**Task statement**
Work out how many lines below contain the word "über", then give that number alone.

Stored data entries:
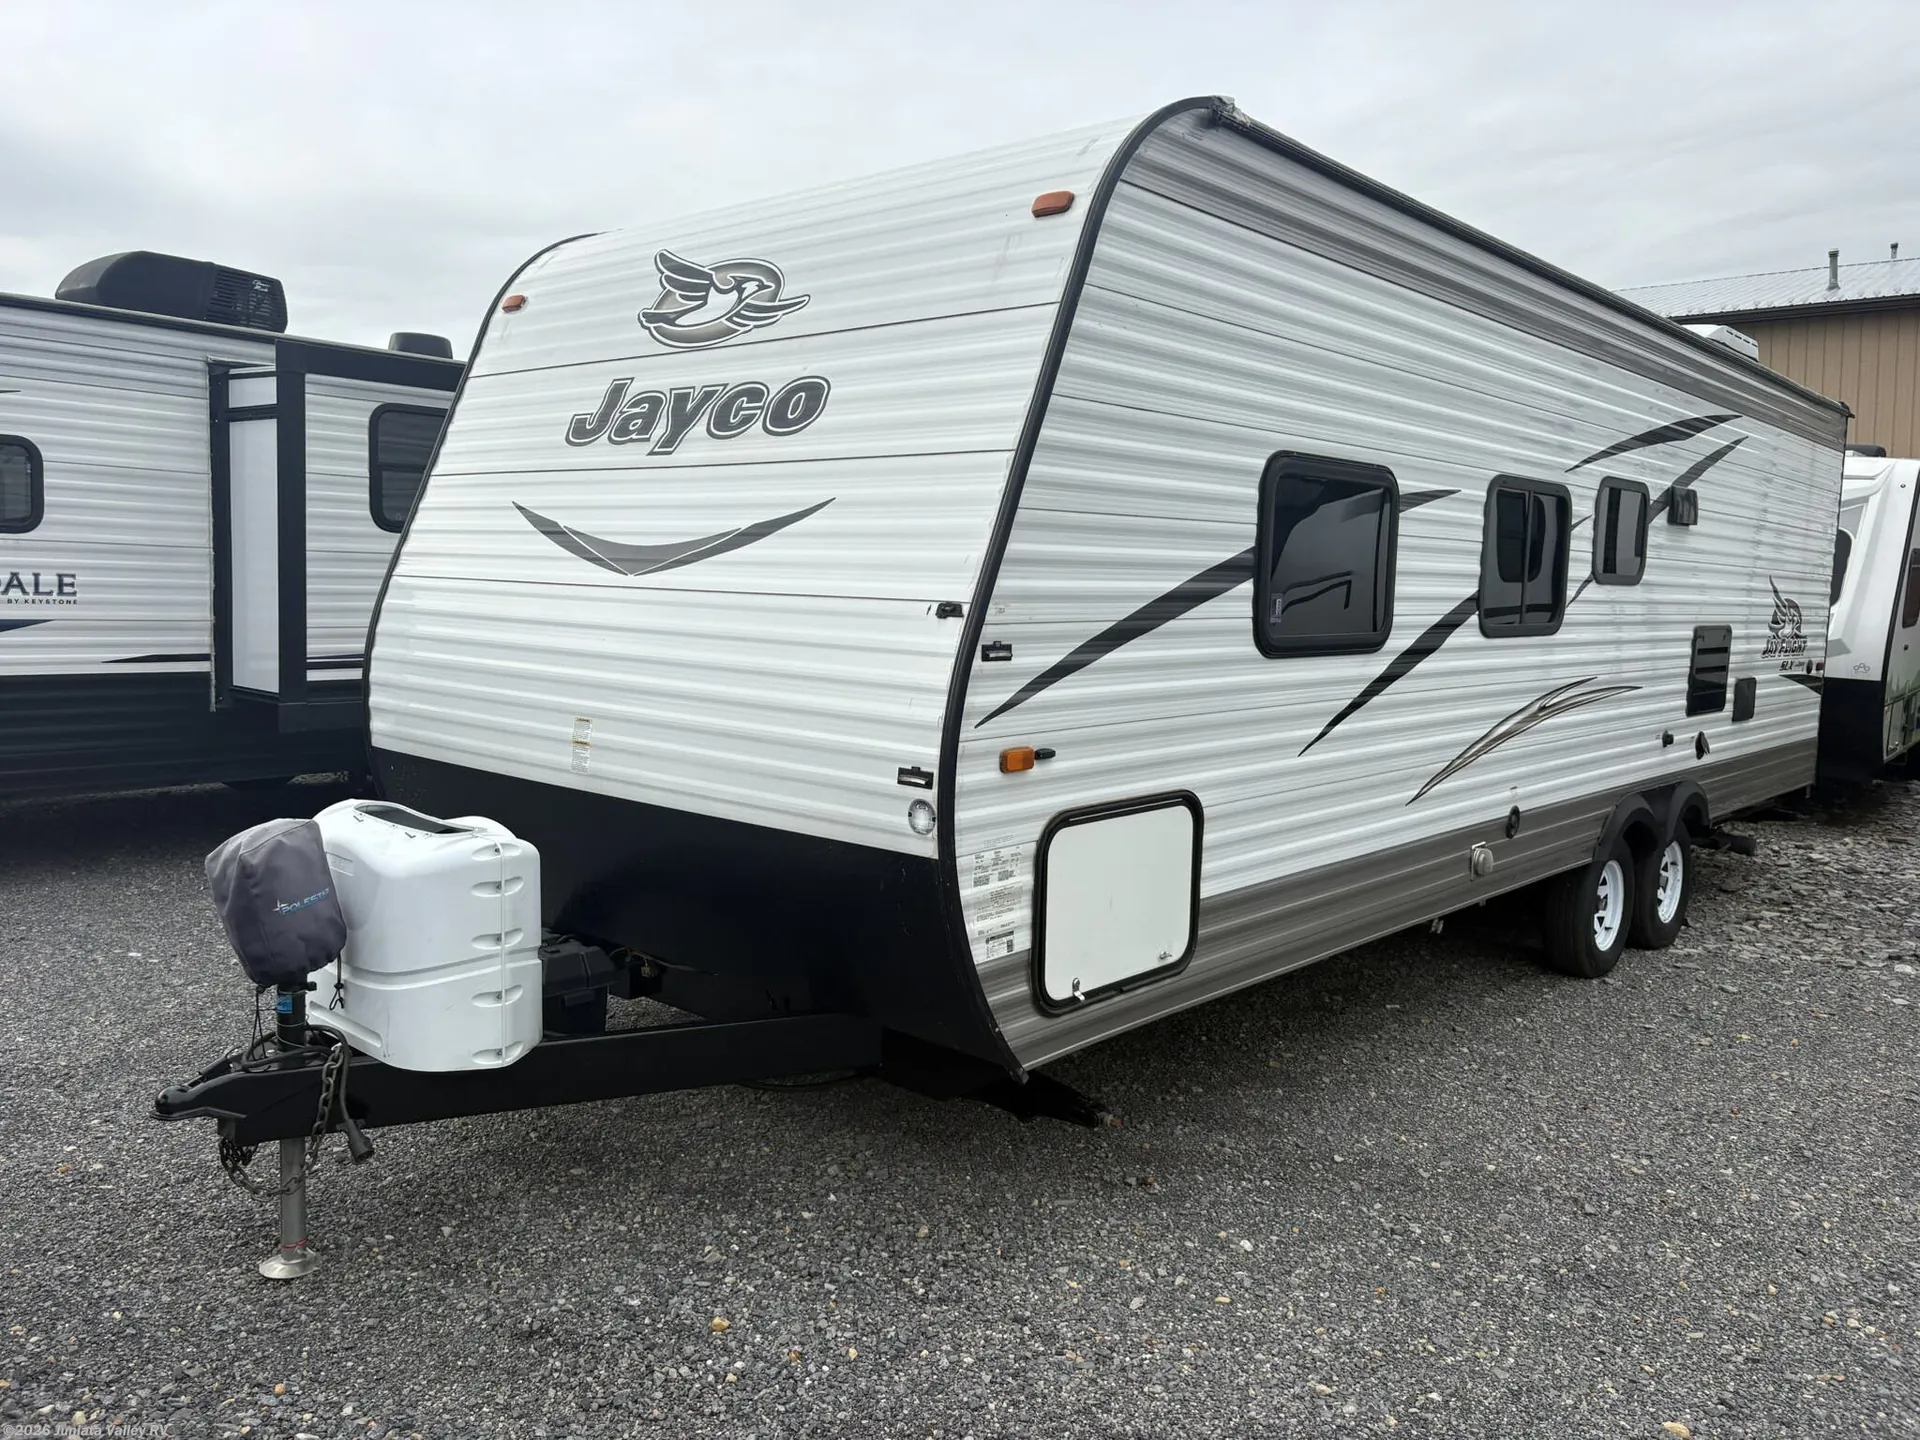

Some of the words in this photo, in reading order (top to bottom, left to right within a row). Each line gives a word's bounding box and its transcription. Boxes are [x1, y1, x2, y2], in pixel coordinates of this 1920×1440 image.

[565, 375, 831, 456] Jayco
[0, 572, 77, 597] ALE
[1762, 639, 1779, 657] JAY
[1778, 639, 1808, 656] FLIGHT
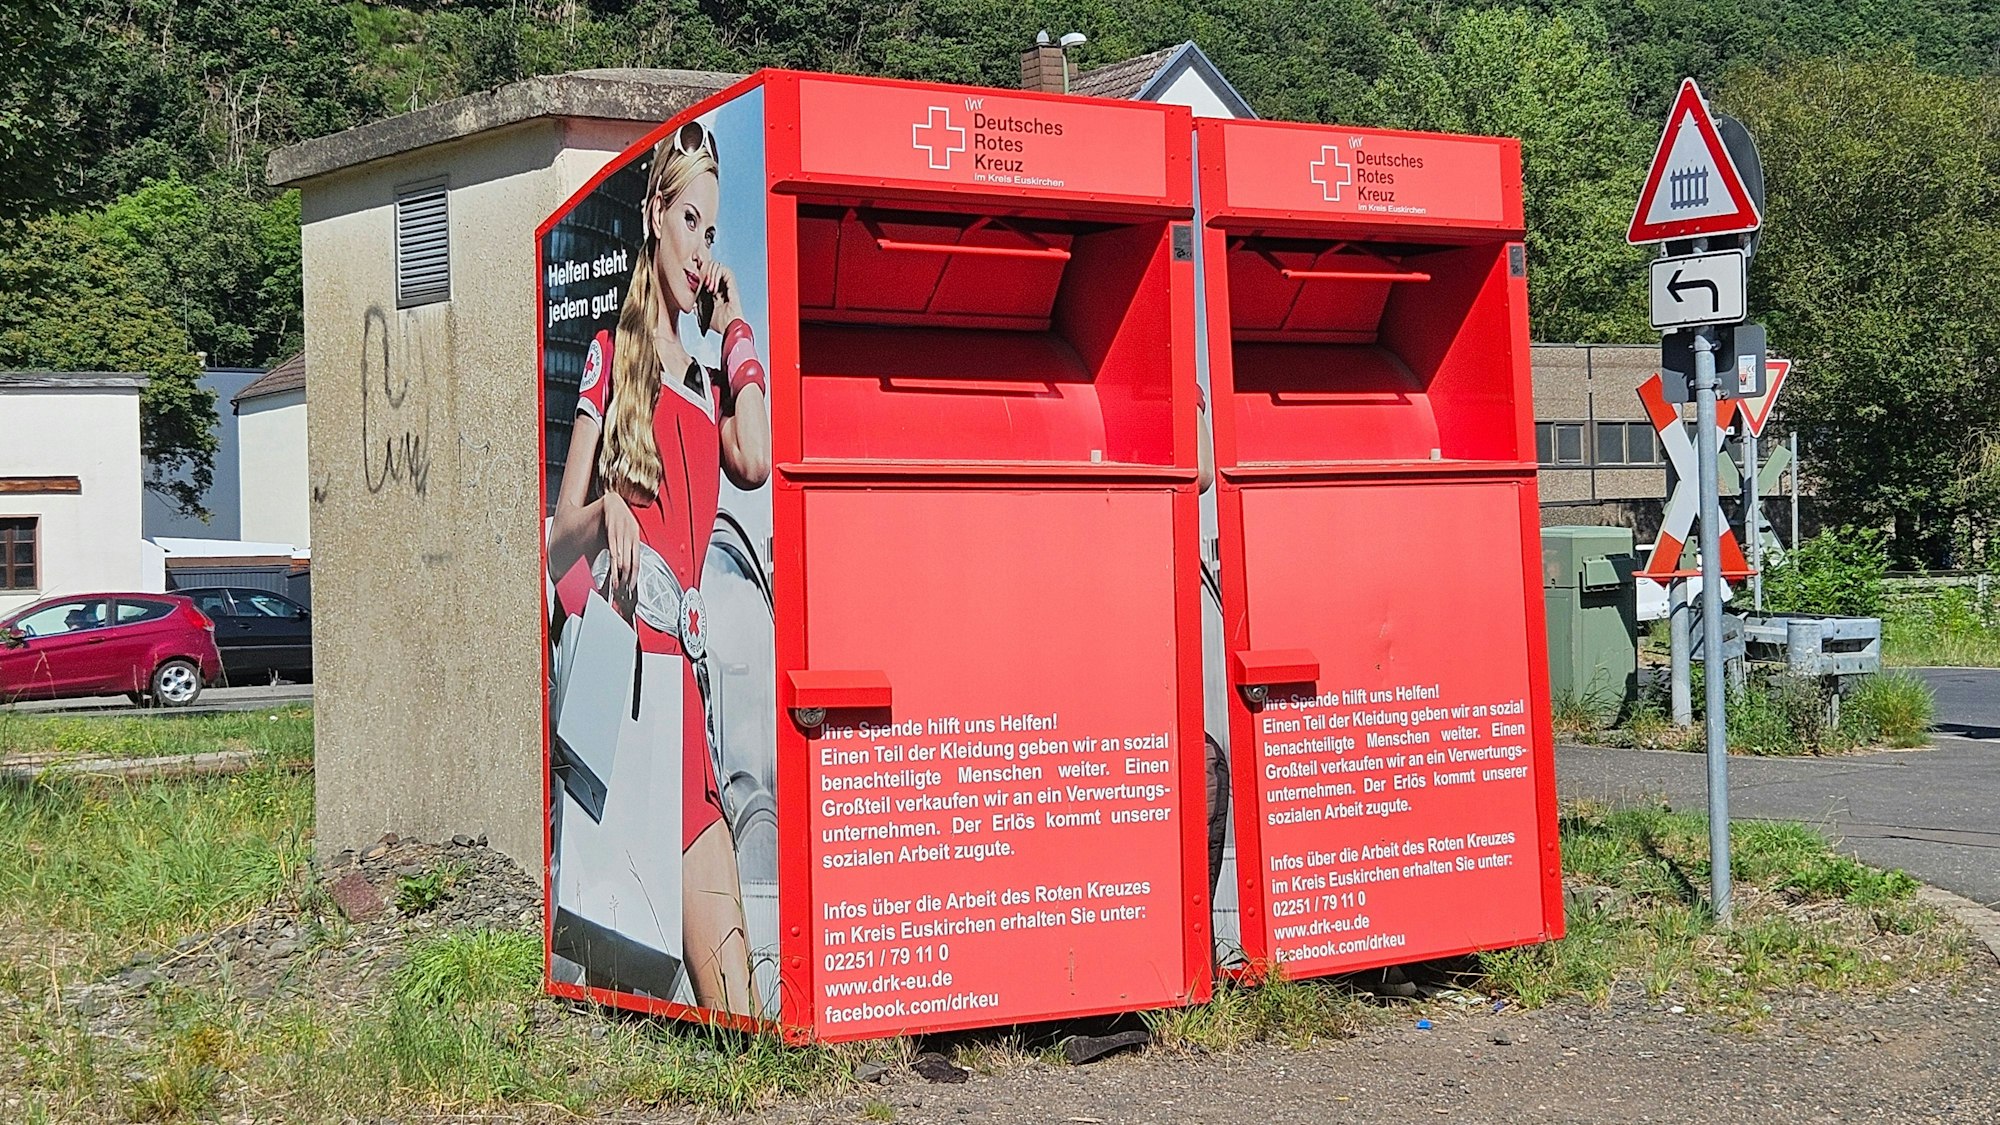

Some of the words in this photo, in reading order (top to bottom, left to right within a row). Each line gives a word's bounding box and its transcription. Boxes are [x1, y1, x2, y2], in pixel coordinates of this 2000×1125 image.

[965, 97, 984, 111] Ihr
[974, 113, 1064, 136] Deutsches
[974, 133, 1024, 153] Rotes
[1348, 136, 1364, 149] Ihr
[974, 153, 1024, 173] Kreuz
[1356, 150, 1424, 169] Deutsches
[988, 173, 1012, 184] Kreis
[1014, 175, 1065, 187] Euskirchen
[1357, 168, 1395, 185] Rotes
[1357, 186, 1395, 203] Kreuz
[1368, 203, 1387, 213] Kreis
[1388, 204, 1427, 215] Euskirchen
[548, 260, 589, 288] Helfen
[592, 249, 628, 279] steht
[548, 297, 588, 328] jedem
[592, 286, 618, 320] gut!
[1262, 697, 1287, 711] Ihre
[1290, 692, 1339, 712] Spende
[1342, 689, 1367, 705] hilft
[1369, 690, 1393, 703] uns
[1395, 684, 1440, 701] Helfen!
[821, 722, 853, 740] Ihre
[859, 720, 923, 742] Spende
[928, 717, 960, 735] hilft
[965, 718, 995, 733] uns
[1000, 713, 1057, 731] Helfen!
[1262, 718, 1300, 734] Einen
[1303, 714, 1326, 730] Teil
[1328, 714, 1350, 729] der
[1352, 709, 1408, 727] Kleidung
[1411, 706, 1449, 725] geben
[1451, 704, 1470, 719] wir
[1472, 705, 1487, 718] an
[1490, 699, 1524, 716] sozial
[821, 748, 870, 766] Einen
[874, 745, 904, 763] Teil
[908, 744, 936, 761] der
[940, 741, 1014, 760] Kleidung
[1018, 738, 1069, 759] geben
[1073, 736, 1097, 753] wir
[1101, 737, 1120, 751] an
[1123, 733, 1169, 750] sozial
[1264, 735, 1355, 757] benachteiligte
[1366, 730, 1430, 748] Menschen
[1441, 725, 1481, 742] weiter.
[1491, 722, 1525, 737] Einen
[821, 770, 942, 791] benachteiligte
[958, 764, 1042, 784] Menschen
[1058, 761, 1110, 777] weiter.
[1125, 757, 1169, 774] Einen
[1265, 761, 1318, 780] Großteil
[1321, 755, 1384, 774] verkaufen
[1386, 753, 1405, 769] wir
[1408, 754, 1424, 767] an
[1426, 749, 1445, 764] ein
[1448, 745, 1527, 762] Verwertungs-
[1266, 783, 1356, 803] unternehmen.
[1363, 777, 1386, 793] Der
[1393, 773, 1426, 790] Erlös
[1433, 769, 1476, 786] kommt
[1482, 765, 1528, 782] unserer
[822, 796, 890, 817] Großteil
[895, 792, 978, 812] verkaufen
[983, 789, 1009, 807] wir
[1013, 791, 1033, 805] an
[1037, 787, 1062, 804] ein
[1066, 783, 1171, 802] Verwertungs-
[1267, 806, 1322, 826] sozialen
[1324, 801, 1363, 819] Arbeit
[1366, 797, 1412, 817] zugute.
[822, 821, 941, 843] unternehmen.
[952, 817, 982, 834] Der
[992, 813, 1035, 831] Erlös
[1046, 810, 1101, 828] kommt
[1111, 807, 1171, 824] unserer
[822, 848, 894, 869] sozialen
[898, 843, 950, 863] Arbeit
[954, 840, 1015, 862] zugute.
[1270, 854, 1304, 872] Infos
[1307, 851, 1336, 867] über
[1339, 847, 1358, 863] die
[1361, 842, 1399, 860] Arbeit
[1402, 840, 1424, 856] des
[1427, 836, 1464, 853] Roten
[1467, 831, 1515, 848] Kreuzes
[1271, 879, 1288, 894] im
[1291, 874, 1326, 892] Kreis
[1328, 866, 1400, 887] Euskirchen
[1402, 860, 1453, 878] erhalten
[1455, 856, 1475, 872] Sie
[1478, 854, 1513, 869] unter:
[823, 901, 868, 920] Infos
[872, 899, 912, 917] über
[915, 895, 942, 912] die
[946, 890, 997, 910] Arbeit
[1001, 889, 1030, 906] des
[1035, 884, 1083, 903] Roten
[1087, 881, 1151, 899] Kreuzes
[1272, 897, 1311, 917] 02251
[1314, 896, 1319, 912] /
[1322, 894, 1337, 911] 79
[1341, 892, 1354, 908] 11
[1357, 890, 1366, 906] 0
[824, 929, 846, 946] im
[851, 924, 896, 943] Kreis
[901, 917, 996, 939] Euskirchen
[1000, 911, 1066, 931] erhalten
[1070, 907, 1096, 925] Sie
[1100, 905, 1146, 922] unter:
[1274, 913, 1370, 940] www.drk-eu.de
[824, 950, 874, 972] 02251
[879, 949, 886, 967] /
[890, 947, 911, 966] 79
[915, 945, 933, 963] 11
[938, 944, 949, 962] 0
[1275, 932, 1405, 963] facebook.com/drkeu
[825, 970, 953, 998] www.drk-eu.de
[825, 992, 999, 1024] facebook.com/drkeu

**Output of the task**
2